Eli Lilly ’s addition to the list is due to the recent failure of solanezumab, the drug the company hoped would be the answer to Alzheimer’s disease. The Phase III failure marked the second time solanezumab failed in a late-stage Alzheimer’s trial. The last time was in 2012, but for this go-round, Eli Lilly opted to use the drug to focus on milder-forms of Alzheimer’s and using a “delayed start” method. However, Phase III data showed that solanezumab failed to show a statistical slowing in cognitive decline compared to placebo. As a result of the drug failure, Eli Lilly announced it will begin layoffs of sales force members expected to handle solanezumab accounts in 2017.

5. Novavax

In September, shares of Novavax plunged more than 82 percent after the company released data that its Phase III trial for its RSV F Vaccine for older adults did not meet its goals, failing to demonstrate “vaccine efficacy.” The Phase III Resolve trial failed to meet both its primary and secondary endpoints. The primary objective of the Resolve trial was to demonstrate efficacy in the prevention of moderate-severe RSV-associated lower respiratory tract disease. The secondary endpoint was to demonstrate efficacy of the RSV F Vaccine in reducing the incidence of all symptomatic respiratory disease due to RSV.

6. Arrowhead

Arrowhead ended November with announcements it was terminating 30 percent of its workforce and shuttering three clinical programs—ARC-520, ARC-521 and ARC-ATT. The termination of the programs aimed at liver disease treatments were placed on clinical hold by the FDA so Arrowhead could provide answers to questions from a nonclinical toxicology study in non-human primates using EX1, the company’s liver-targeted, intravenously administered delivery vehicle. The company said the hold was prompted following the death of primate study subjects at the highest doses of EX1. Arrowhead said it was turning its focus to its subQ and extra-hepatic pipeline, which includes programs in HBV, AAT, Factor 12, HIF-2alpha and other unannounced programs.

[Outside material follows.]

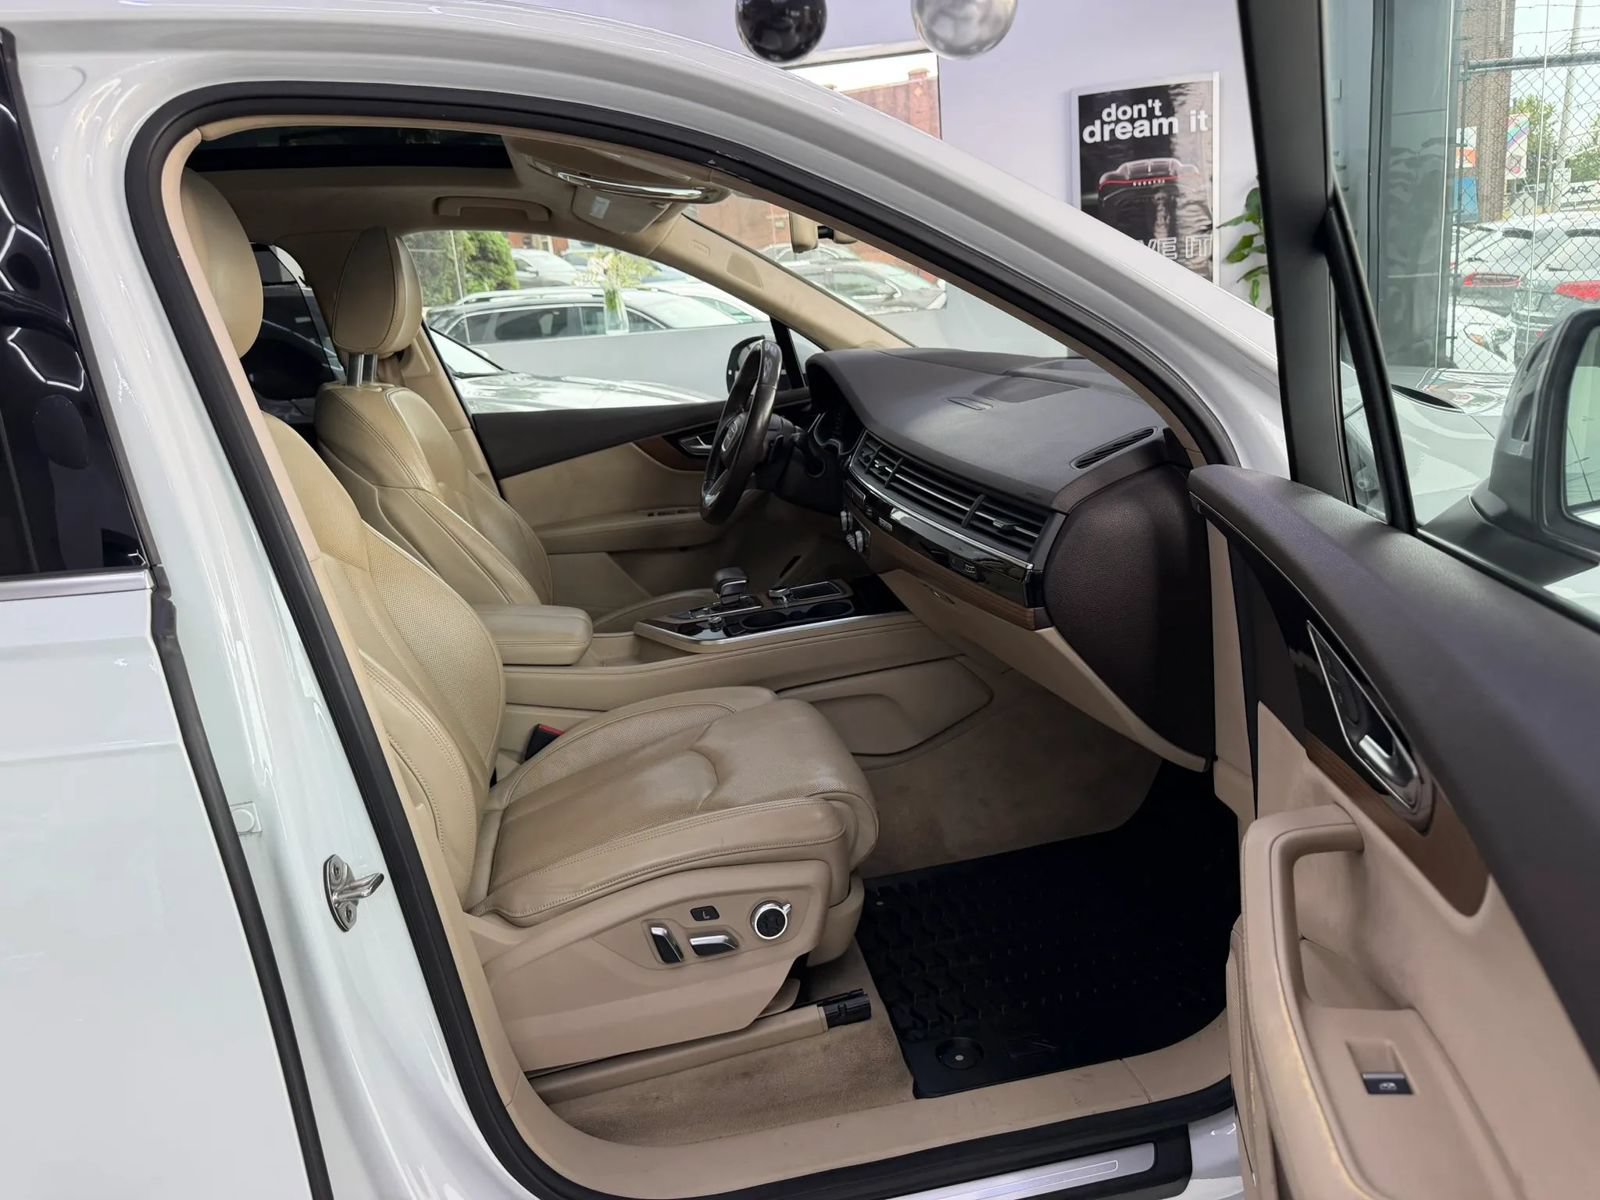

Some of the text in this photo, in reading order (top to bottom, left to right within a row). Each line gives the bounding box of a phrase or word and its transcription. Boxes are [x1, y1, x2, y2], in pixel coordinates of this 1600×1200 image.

[1101, 99, 1162, 122] don't
[1082, 109, 1208, 144] dream it
[1185, 234, 1213, 259] IT

7. BioMarin Pharmaceuticals

BioMarin started 2016 with some bad news when the FDA rejected Drisapersen, also known as Kyndrisa, the company’s experimental treatment for Duchenne muscular dystrophy (DMD). In late 2015, an FDA review panel outlined a number of concerns about the efficacy of the drug, saying that in some clinical data the efficacy data is inconsistent and in other areas the data is contradictory. Members of the review panel said the long-term data presented by California-based BioMarin did not warrant approval at the time.